→ **Supplied material**:
::::::::::

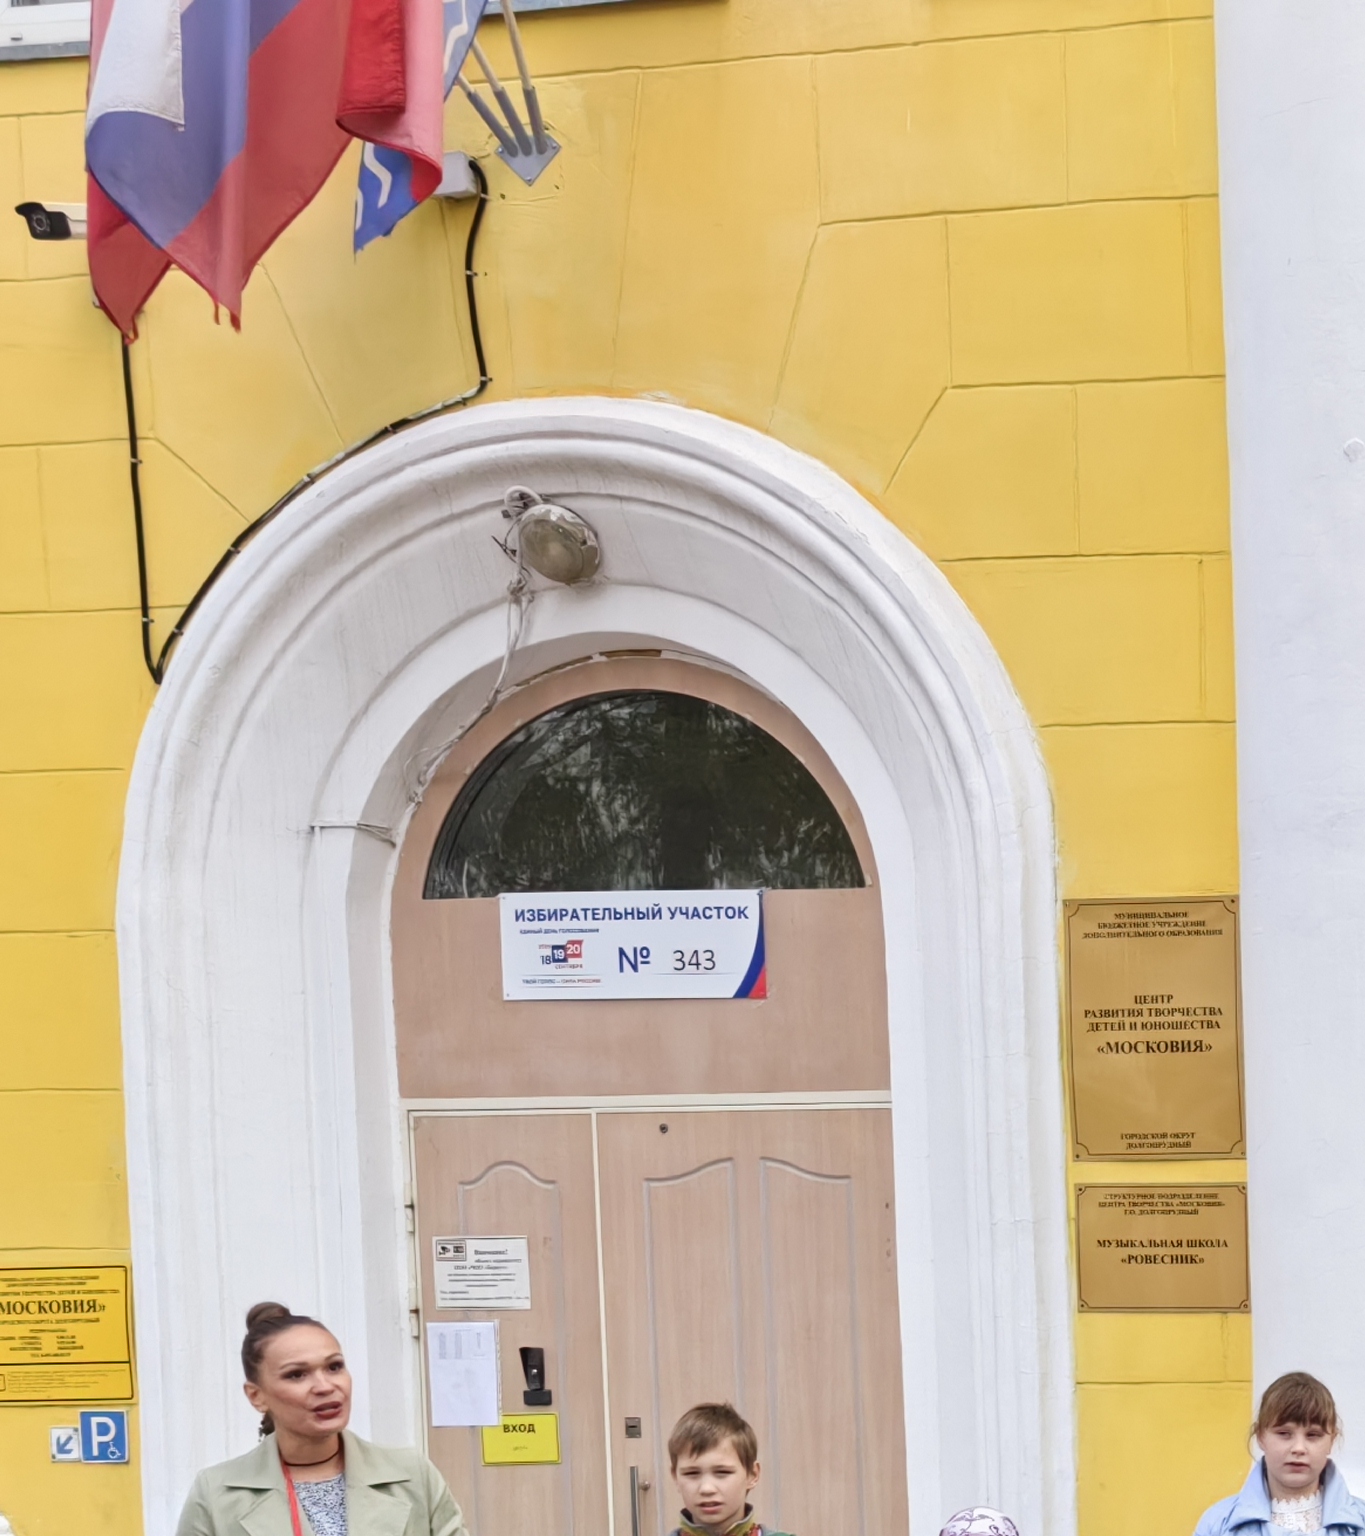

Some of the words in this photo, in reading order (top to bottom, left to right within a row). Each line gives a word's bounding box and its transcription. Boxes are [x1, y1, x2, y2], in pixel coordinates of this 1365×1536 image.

[514, 903, 663, 923] ИЗБИРАТЕЛЬНЫЙ
[667, 905, 749, 921] УЧАСТОК
[1114, 911, 1189, 920] МУНИЦИПАЛЬНОЕ
[1097, 921, 1150, 930] БЮДЖЕТНОЕ
[1152, 920, 1206, 928] УЧРЕЖДЕНИЕ
[1166, 929, 1223, 937] ОБРАЗОВАНИЯ
[553, 949, 565, 960] 19
[566, 944, 580, 954] 20
[540, 955, 552, 965] 18
[618, 946, 651, 973] №
[672, 949, 717, 971] 343
[1134, 994, 1174, 1005] ЦЕНТР
[1084, 1008, 1144, 1019] РАЗВИТИЯ
[1147, 1006, 1223, 1017] ТВОРЧЕСТВА
[1086, 1019, 1126, 1033] ДЕТЕЙ
[1129, 1021, 1138, 1031] И
[1141, 1020, 1221, 1031] ЮНОШЕСТВА
[1097, 1039, 1213, 1054] «МОСКОВИЯ»
[1120, 1132, 1168, 1140] ГОРОДСКОЙ
[1169, 1131, 1196, 1139] ОКРУГ
[1126, 1140, 1192, 1150] ДОЛГОПРУДНЫЙ
[1096, 1239, 1183, 1249] МУЗЫКАЛЬНАЯ
[1186, 1239, 1229, 1248] ШКОЛА
[1121, 1253, 1205, 1265] «РОВЕСНИК»
[503, 1423, 536, 1434] ВХОД

::::::::::

→ **About this task**: Give back every record above word for word, dropping pictures.

→ **The answer**:
Some of the words in this photo, in reading order (top to bottom, left to right within a row). Each line gives a word's bounding box and its transcription. Boxes are [x1, y1, x2, y2], in pixel coordinates of this 1365×1536 image.

[514, 903, 663, 923] ИЗБИРАТЕЛЬНЫЙ
[667, 905, 749, 921] УЧАСТОК
[1114, 911, 1189, 920] МУНИЦИПАЛЬНОЕ
[1097, 921, 1150, 930] БЮДЖЕТНОЕ
[1152, 920, 1206, 928] УЧРЕЖДЕНИЕ
[1166, 929, 1223, 937] ОБРАЗОВАНИЯ
[553, 949, 565, 960] 19
[566, 944, 580, 954] 20
[540, 955, 552, 965] 18
[618, 946, 651, 973] №
[672, 949, 717, 971] 343
[1134, 994, 1174, 1005] ЦЕНТР
[1084, 1008, 1144, 1019] РАЗВИТИЯ
[1147, 1006, 1223, 1017] ТВОРЧЕСТВА
[1086, 1019, 1126, 1033] ДЕТЕЙ
[1129, 1021, 1138, 1031] И
[1141, 1020, 1221, 1031] ЮНОШЕСТВА
[1097, 1039, 1213, 1054] «МОСКОВИЯ»
[1120, 1132, 1168, 1140] ГОРОДСКОЙ
[1169, 1131, 1196, 1139] ОКРУГ
[1126, 1140, 1192, 1150] ДОЛГОПРУДНЫЙ
[1096, 1239, 1183, 1249] МУЗЫКАЛЬНАЯ
[1186, 1239, 1229, 1248] ШКОЛА
[1121, 1253, 1205, 1265] «РОВЕСНИК»
[503, 1423, 536, 1434] ВХОД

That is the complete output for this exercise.